Input data:
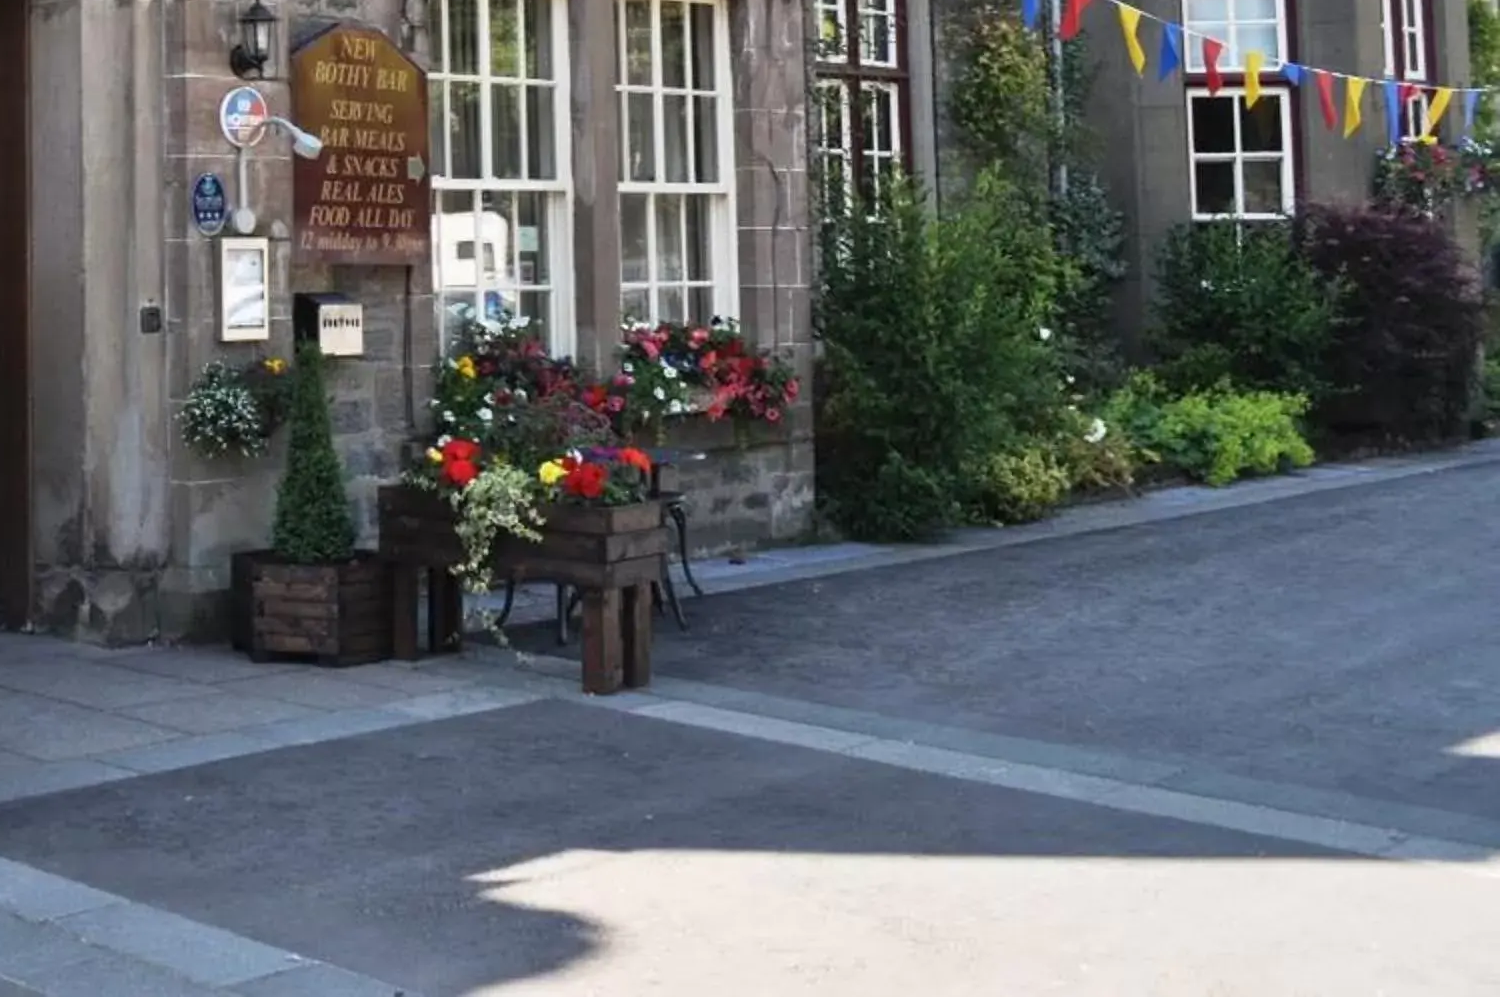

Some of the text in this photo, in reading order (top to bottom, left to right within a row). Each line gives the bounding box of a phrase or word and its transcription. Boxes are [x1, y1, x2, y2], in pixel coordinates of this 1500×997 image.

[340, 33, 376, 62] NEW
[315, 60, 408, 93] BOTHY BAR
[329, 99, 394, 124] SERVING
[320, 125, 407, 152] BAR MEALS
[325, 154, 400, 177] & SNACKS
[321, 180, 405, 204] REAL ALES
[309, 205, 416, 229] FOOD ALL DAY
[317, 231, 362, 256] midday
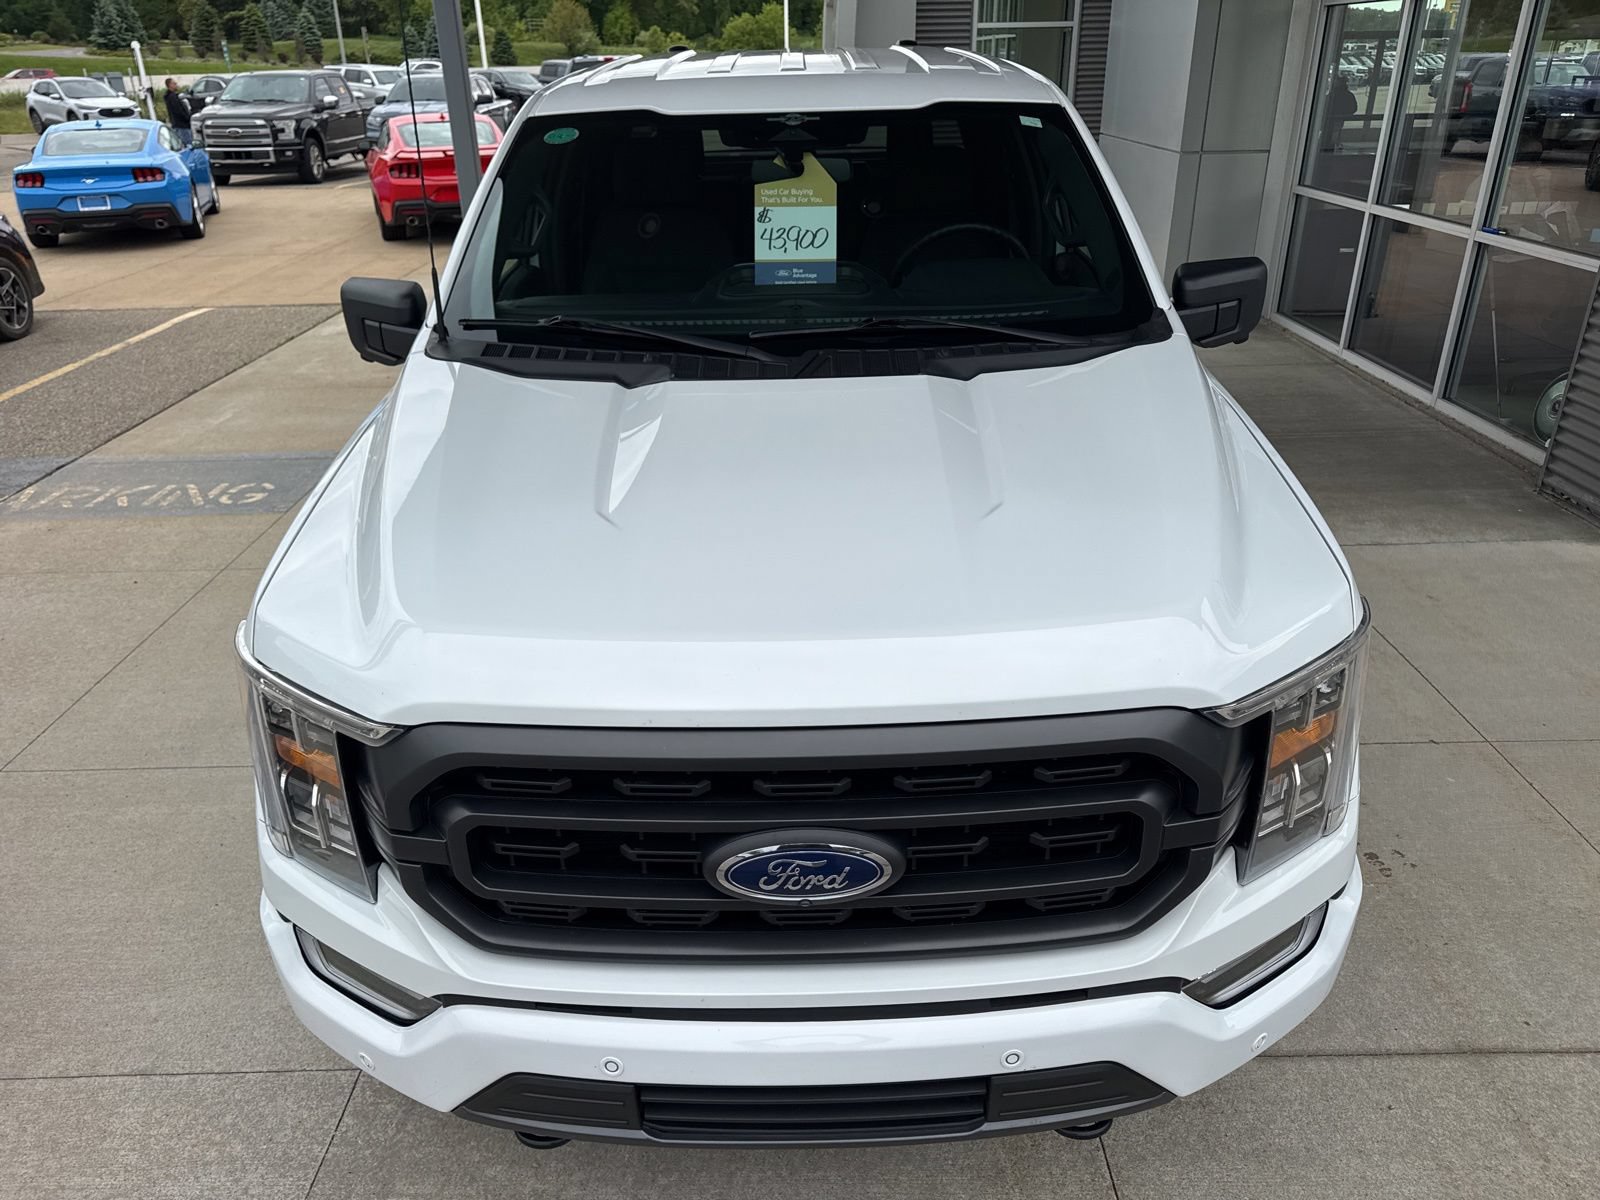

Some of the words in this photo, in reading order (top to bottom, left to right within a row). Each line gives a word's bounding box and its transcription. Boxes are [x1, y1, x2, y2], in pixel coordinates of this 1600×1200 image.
==
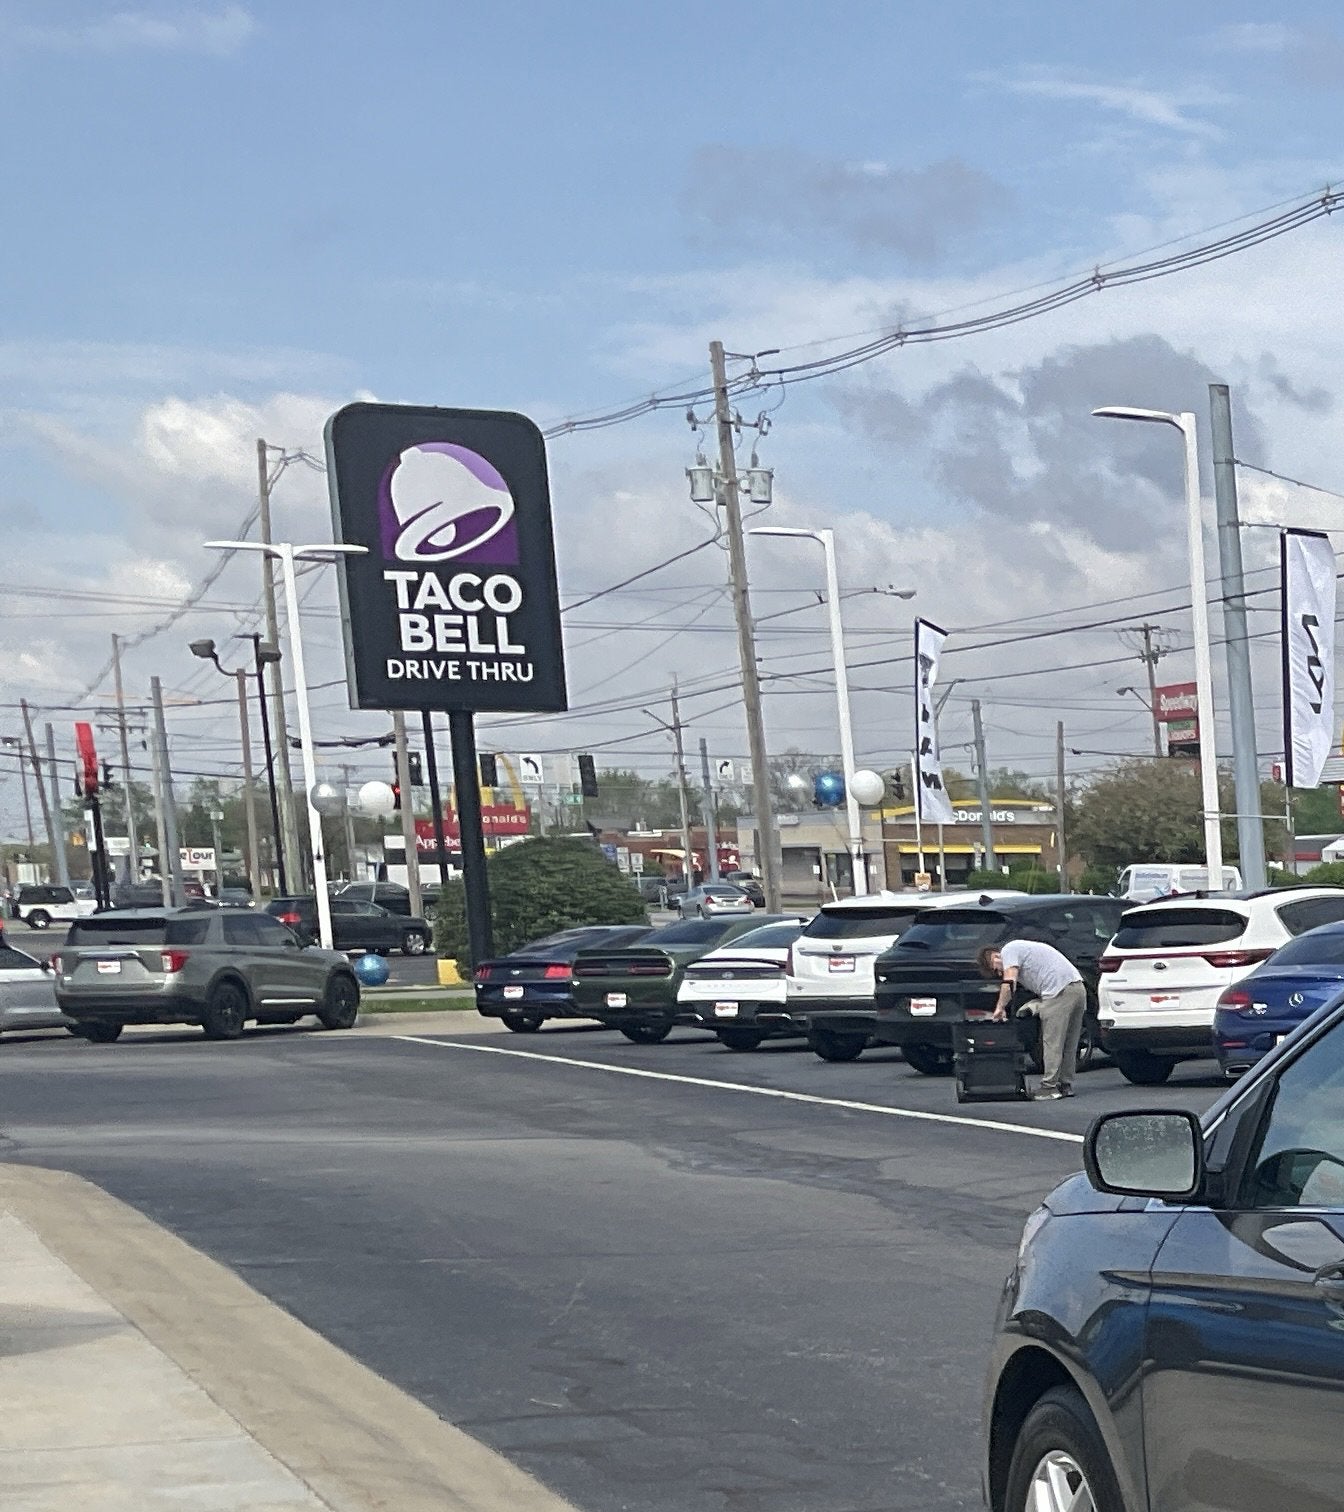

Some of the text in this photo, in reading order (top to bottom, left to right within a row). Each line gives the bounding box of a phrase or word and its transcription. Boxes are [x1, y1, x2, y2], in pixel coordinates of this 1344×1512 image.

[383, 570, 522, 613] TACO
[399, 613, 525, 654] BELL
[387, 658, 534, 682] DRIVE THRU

Exercise directions: Extract, without any images, the part of the material above that opens with the line containing "this 1500×997 image." and closes with the line containing "Some of the words", both lines included.

Exercise solution:
Some of the text in this photo, in reading order (top to bottom, left to right within a row). Each line gives the bounding box of a phrase or word and its transcription. Boxes are [x1, y1, x2, y2], in pixel coordinates of this 1500×997 image.

[340, 33, 376, 62] NEW
[315, 60, 408, 93] BOTHY BAR
[329, 99, 394, 124] SERVING
[320, 125, 407, 152] BAR MEALS
[325, 154, 400, 177] & SNACKS
[321, 180, 405, 204] REAL ALES
[309, 205, 416, 229] FOOD ALL DAY
[317, 231, 362, 256] midday

Some of the words in this photo, in reading order (top to bottom, left to right within a row). Each line gives a word's bounding box and its transcription. Boxes are [x1, y1, x2, y2], in pixel coordinates of this 1600×1200 image.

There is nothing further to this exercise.